(Exercise goal)
Copy all the records word for word, apart from any pictures.

(Records from a dataset)

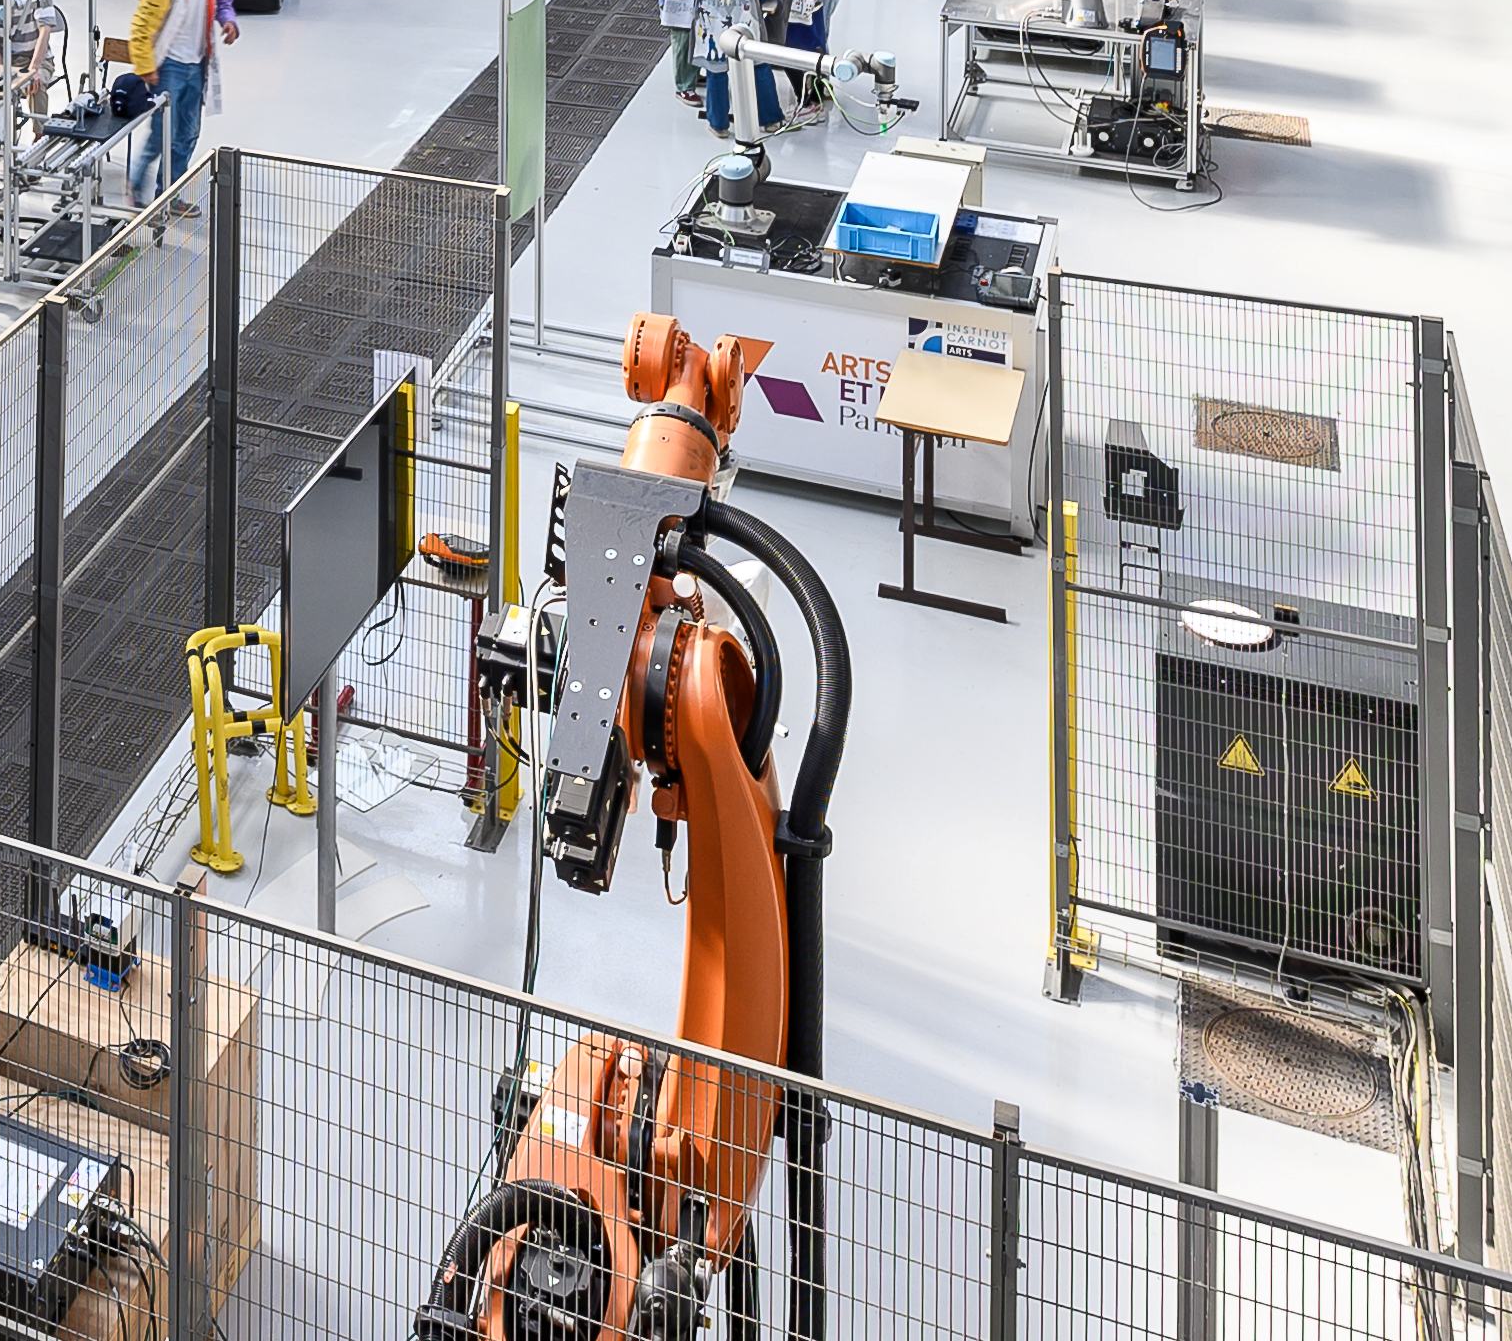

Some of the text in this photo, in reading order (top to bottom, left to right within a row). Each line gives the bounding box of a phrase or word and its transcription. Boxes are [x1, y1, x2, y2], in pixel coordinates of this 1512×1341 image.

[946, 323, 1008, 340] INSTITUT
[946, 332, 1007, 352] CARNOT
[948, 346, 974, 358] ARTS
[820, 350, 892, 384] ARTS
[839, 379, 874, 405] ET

(Answer to this problem)
Some of the text in this photo, in reading order (top to bottom, left to right within a row). Each line gives the bounding box of a phrase or word and its transcription. Boxes are [x1, y1, x2, y2], in pixel coordinates of this 1512×1341 image.

[946, 323, 1008, 340] INSTITUT
[946, 332, 1007, 352] CARNOT
[948, 346, 974, 358] ARTS
[820, 350, 892, 384] ARTS
[839, 379, 874, 405] ET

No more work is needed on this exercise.